## Material to process
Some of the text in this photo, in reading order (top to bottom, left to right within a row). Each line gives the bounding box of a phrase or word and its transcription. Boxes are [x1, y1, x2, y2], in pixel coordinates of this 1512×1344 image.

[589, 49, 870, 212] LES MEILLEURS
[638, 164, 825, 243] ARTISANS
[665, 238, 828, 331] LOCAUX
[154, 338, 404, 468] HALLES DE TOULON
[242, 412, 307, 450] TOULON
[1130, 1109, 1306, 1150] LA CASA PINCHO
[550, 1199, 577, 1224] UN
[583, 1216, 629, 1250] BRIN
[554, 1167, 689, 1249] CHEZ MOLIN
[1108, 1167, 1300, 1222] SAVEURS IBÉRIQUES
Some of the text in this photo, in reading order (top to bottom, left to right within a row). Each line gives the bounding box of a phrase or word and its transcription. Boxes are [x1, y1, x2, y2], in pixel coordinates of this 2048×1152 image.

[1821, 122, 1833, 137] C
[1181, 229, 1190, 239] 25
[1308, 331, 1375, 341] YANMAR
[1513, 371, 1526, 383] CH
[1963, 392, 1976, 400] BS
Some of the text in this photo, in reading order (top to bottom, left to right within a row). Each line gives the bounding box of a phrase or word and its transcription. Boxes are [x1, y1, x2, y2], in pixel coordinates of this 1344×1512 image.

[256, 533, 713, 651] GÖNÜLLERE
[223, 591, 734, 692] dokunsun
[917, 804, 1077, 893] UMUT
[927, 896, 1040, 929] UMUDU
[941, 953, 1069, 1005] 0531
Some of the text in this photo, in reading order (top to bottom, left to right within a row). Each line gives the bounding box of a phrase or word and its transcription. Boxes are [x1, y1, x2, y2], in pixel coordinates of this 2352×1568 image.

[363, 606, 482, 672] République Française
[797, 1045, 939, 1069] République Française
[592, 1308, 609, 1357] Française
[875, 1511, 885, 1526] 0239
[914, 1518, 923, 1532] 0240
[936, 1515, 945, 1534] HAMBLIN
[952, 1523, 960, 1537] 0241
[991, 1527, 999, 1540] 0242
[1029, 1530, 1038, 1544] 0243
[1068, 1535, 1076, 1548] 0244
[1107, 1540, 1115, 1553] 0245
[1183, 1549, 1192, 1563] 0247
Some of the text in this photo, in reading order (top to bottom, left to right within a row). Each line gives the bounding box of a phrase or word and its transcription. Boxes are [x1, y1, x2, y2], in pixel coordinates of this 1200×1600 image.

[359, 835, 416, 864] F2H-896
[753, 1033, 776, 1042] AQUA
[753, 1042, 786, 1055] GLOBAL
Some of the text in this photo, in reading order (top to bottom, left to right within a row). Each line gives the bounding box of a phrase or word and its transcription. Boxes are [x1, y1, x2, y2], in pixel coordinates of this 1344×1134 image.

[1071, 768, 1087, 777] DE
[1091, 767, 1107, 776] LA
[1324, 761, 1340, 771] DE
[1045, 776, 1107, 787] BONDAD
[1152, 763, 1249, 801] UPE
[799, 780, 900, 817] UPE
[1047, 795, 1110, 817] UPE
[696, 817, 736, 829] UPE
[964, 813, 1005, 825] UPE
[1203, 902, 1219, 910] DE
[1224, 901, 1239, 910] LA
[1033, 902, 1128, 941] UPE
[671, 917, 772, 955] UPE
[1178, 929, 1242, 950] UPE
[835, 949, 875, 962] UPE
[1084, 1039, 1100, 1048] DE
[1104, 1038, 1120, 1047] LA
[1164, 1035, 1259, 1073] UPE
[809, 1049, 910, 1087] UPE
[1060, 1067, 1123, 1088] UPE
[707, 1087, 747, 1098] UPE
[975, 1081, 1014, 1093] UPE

## Description of the task
Exactly the lines from the one containing "this 1344×1134 image." through the last line of the records are to be transcribed, both endpoints included.

## Result of this task
Some of the text in this photo, in reading order (top to bottom, left to right within a row). Each line gives the bounding box of a phrase or word and its transcription. Boxes are [x1, y1, x2, y2], in pixel coordinates of this 1344×1134 image.

[1071, 768, 1087, 777] DE
[1091, 767, 1107, 776] LA
[1324, 761, 1340, 771] DE
[1045, 776, 1107, 787] BONDAD
[1152, 763, 1249, 801] UPE
[799, 780, 900, 817] UPE
[1047, 795, 1110, 817] UPE
[696, 817, 736, 829] UPE
[964, 813, 1005, 825] UPE
[1203, 902, 1219, 910] DE
[1224, 901, 1239, 910] LA
[1033, 902, 1128, 941] UPE
[671, 917, 772, 955] UPE
[1178, 929, 1242, 950] UPE
[835, 949, 875, 962] UPE
[1084, 1039, 1100, 1048] DE
[1104, 1038, 1120, 1047] LA
[1164, 1035, 1259, 1073] UPE
[809, 1049, 910, 1087] UPE
[1060, 1067, 1123, 1088] UPE
[707, 1087, 747, 1098] UPE
[975, 1081, 1014, 1093] UPE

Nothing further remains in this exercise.